--- WORKING DATA ---
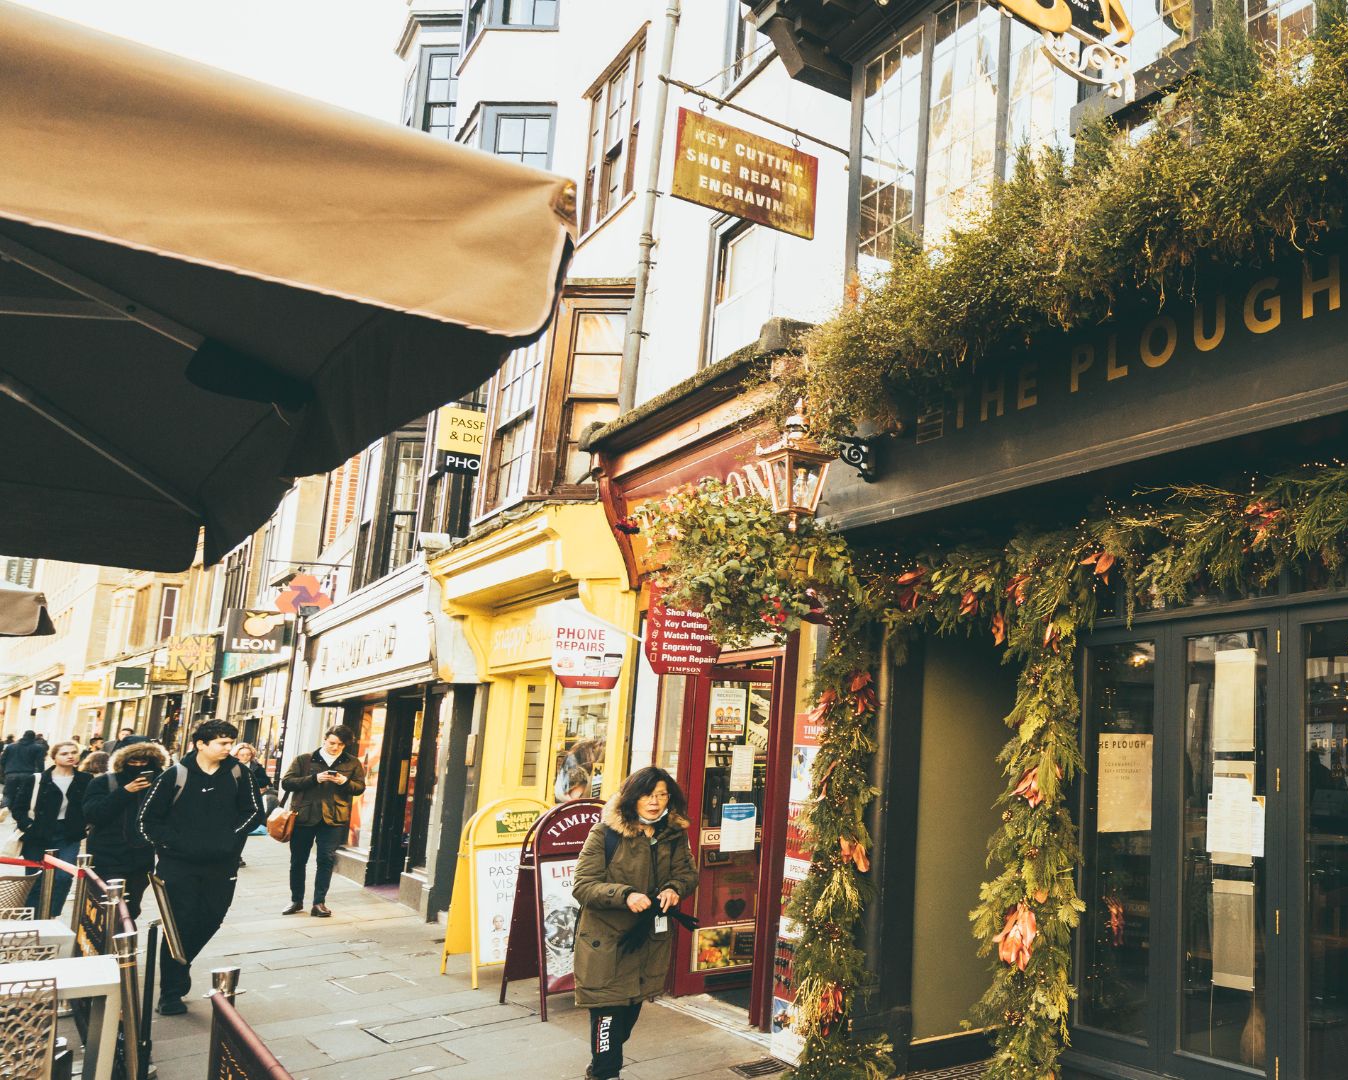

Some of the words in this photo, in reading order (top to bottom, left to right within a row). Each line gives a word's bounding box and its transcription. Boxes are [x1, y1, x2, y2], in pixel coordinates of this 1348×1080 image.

[695, 129, 727, 149] KEY
[735, 143, 804, 178] CUTTING
[686, 148, 731, 174] SHOE
[739, 166, 808, 200] REPAIRS
[699, 175, 795, 216] ENGRAVING
[1071, 255, 1341, 393] PLOUGH
[665, 608, 685, 617] Shoe
[664, 620, 680, 629] Key
[681, 620, 708, 630] Cutting
[556, 627, 606, 640] PHONE
[663, 631, 689, 639] Watch
[231, 638, 276, 651] LEON
[556, 640, 605, 652] REPAIRS
[662, 642, 702, 653] Engraving
[661, 653, 687, 662] Phone
[688, 655, 717, 665] Repairs
[1112, 740, 1146, 749] PLOUGH
[1316, 738, 1337, 748] THE
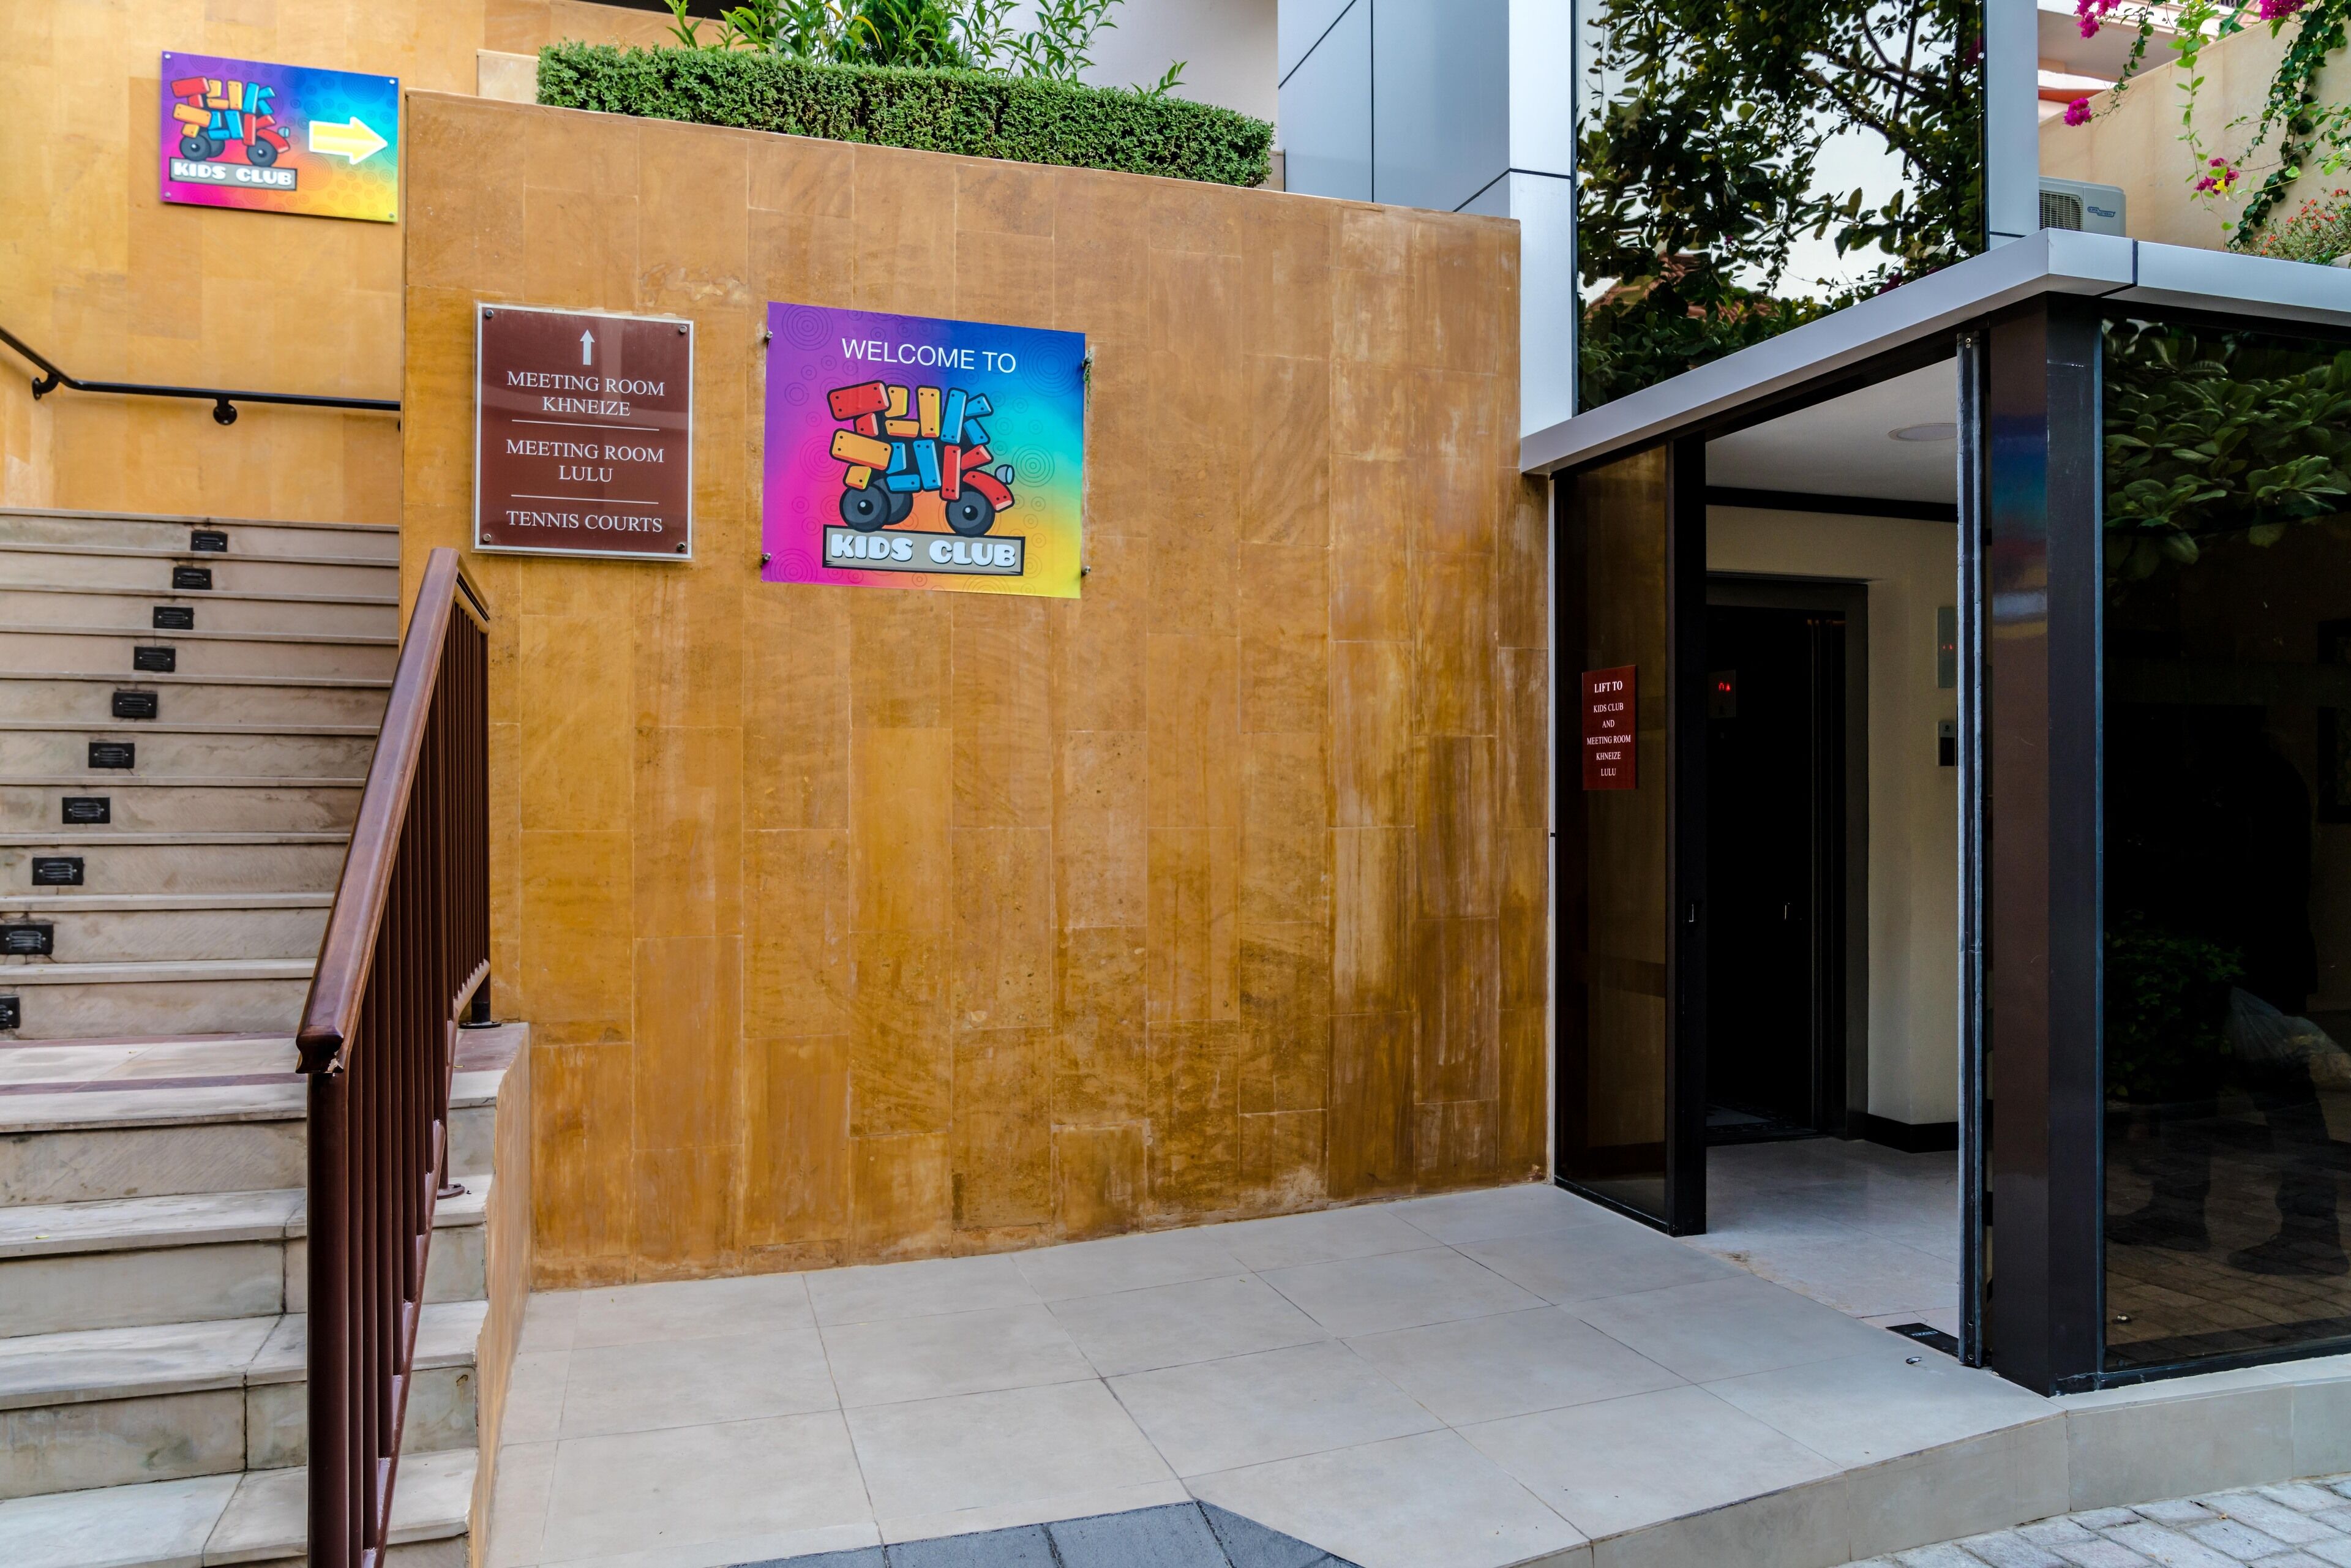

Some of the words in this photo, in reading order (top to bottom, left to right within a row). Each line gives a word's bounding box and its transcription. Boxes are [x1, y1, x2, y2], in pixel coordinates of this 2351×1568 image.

--- WORK REQUEST ---
Every line above must appear in the answer unchanged, and no picture may appear in it.

--- SOLUTION FOR THIS TASK ---
Some of the words in this photo, in reading order (top to bottom, left to right within a row). Each line gives a word's bounding box and its transcription. Boxes are [x1, y1, x2, y2], in pixel coordinates of this 1348×1080 image.

[695, 129, 727, 149] KEY
[735, 143, 804, 178] CUTTING
[686, 148, 731, 174] SHOE
[739, 166, 808, 200] REPAIRS
[699, 175, 795, 216] ENGRAVING
[1071, 255, 1341, 393] PLOUGH
[665, 608, 685, 617] Shoe
[664, 620, 680, 629] Key
[681, 620, 708, 630] Cutting
[556, 627, 606, 640] PHONE
[663, 631, 689, 639] Watch
[231, 638, 276, 651] LEON
[556, 640, 605, 652] REPAIRS
[662, 642, 702, 653] Engraving
[661, 653, 687, 662] Phone
[688, 655, 717, 665] Repairs
[1112, 740, 1146, 749] PLOUGH
[1316, 738, 1337, 748] THE

Some of the words in this photo, in reading order (top to bottom, left to right within a row). Each line gives a word's bounding box and its transcription. Boxes are [x1, y1, x2, y2], in pixel coordinates of this 2351×1568 image.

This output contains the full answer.